Am nächsten Morgen nach der durchschwärmten Nacht waren die beiden jungen Damen spät aufgestanden, und nur der Sohn zur gewöhnlichen Zeit ausgegangen, um seine ,englische Stunde’ zu halten. Als aber Marie – die zweite Tochter – bald nach Anna zum Kaffee herüberkam, saß der Vater ungewohnter-weise nicht in seiner Studierstube an der Arbeit, sondern im Sofa, aus der langen Pfeife den Dampf in weißen Kräuselwolken von sich blasend, und die Mutter am Nähtisch, Kleider für das Jüngste ausbessernd, das in seinem herübergeschafften Bettchen wieder mit klaren Augen seine Puppe schaukelte.
«Schon ausgeschlafen, Väterchen?» sagte Marie, als sie, etwas beschämt, als letzte am Kaffeetisch Platz genommen. «Ich habe wohl heut recht lange geschlafen?
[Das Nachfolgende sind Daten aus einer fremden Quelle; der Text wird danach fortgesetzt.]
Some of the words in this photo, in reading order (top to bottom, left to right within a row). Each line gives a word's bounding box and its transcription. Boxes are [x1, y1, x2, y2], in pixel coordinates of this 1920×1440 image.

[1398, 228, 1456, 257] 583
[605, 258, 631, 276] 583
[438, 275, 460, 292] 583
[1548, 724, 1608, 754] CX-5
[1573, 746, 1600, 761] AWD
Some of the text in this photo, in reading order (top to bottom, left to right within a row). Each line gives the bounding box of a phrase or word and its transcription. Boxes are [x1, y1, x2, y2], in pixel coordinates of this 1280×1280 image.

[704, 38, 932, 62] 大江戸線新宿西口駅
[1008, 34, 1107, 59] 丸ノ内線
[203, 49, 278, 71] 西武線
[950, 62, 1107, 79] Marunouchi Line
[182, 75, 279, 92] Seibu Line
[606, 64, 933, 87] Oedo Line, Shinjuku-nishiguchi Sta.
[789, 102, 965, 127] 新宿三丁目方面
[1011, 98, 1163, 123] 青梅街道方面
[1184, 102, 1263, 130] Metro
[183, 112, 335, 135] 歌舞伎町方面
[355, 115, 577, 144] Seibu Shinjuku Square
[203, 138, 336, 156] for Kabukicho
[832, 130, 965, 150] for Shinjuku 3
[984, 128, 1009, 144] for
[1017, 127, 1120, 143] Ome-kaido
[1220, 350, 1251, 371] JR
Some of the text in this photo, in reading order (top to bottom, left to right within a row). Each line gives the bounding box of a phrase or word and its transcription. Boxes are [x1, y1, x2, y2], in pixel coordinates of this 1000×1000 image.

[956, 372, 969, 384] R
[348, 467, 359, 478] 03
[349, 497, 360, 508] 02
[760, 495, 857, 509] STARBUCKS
Aber – was ist Dir denn? – Und der Mutter auch!» rief sie, vom Stuhl wieder aufspringend, als sie das ungewohnte ernste Wesen der Eltern gewahrte. «Bist Du böse auf mich, Mütterchen?»
«Nein, mein Kind», sagte diese und zwang ein Lächeln auf die Lippen, «aber der Vater hat Euch etwas recht Ernstes heute zu sagen, von dem wir noch nicht wissen, ob es Euch betrüben wird oder nicht.»
«Der Vater!» rief Marie erschreckt, und auch Anna, die älteste Tochter, sah ängstlich zu ihm auf.
Professor Lohenstein aber, so in die Enge und zum Äußersten getrieben, hustete, paffte den Dampf ein paarmal scharf vor sich hin, um die Pfeife ordentlich in Glut zu bringen, und sagte:
«Ja, Kinder, Ihr wißt – wir – wir haben doch in den letzten Tagen viel über Nordamerika gesprochen, und auch manches gelesen…. »
«Ja, die herrlichen Romane von Cooper!» rief Marie rasch. 29
«Und die schrecklichen Berichte im Tageblatt», lächelte Anna.
«Der Doktor Hayde ist ein Esel», sagte der Professor, den rauch wieder ein paarmal rasch ausstoßend. «Wenn der hätte in Amerika ordentlich arbeiten wollen, brauchte er sich jetzt nicht von einer Winkeladvokatur und vom Schimpfen auf freisinnige Leute zu ernähren. Über dessen Berichte wollen wir uns keine Sorgen machen, aber… » Er schwieg wieder einen Augenblick und sah, wie furchtsam, nach der Frau hinüber. Die jedoch arbeitete umso emsiger weiter, und selber mit dem Bedürfnis, dem, was ihn schon so lange gedrückt, endlich einmal Worte zu geben, fuhr er rasch fort: «Ich habe eine Frage an Euch zu tun, Kinder: Hättet Ihr – hättet Ihr wohl selber Lust, hinüber nach – nach Amerika zu gehen?»
«Nach Amerika!» rief Anna rasch und auch wohl erschreckt. Marie aber sprang auf, schlug in die Hände und rief jubelnd:
«Nach Amerika! Oh, das wäre ja prächtig – das wäre herrlich! – Nicht war, da sind a u c h Bälle, Väterchen?»
Die Mutter seufzte tief auf, und der Vater zog wieder etwas verlegen an der Bernsteinspitze.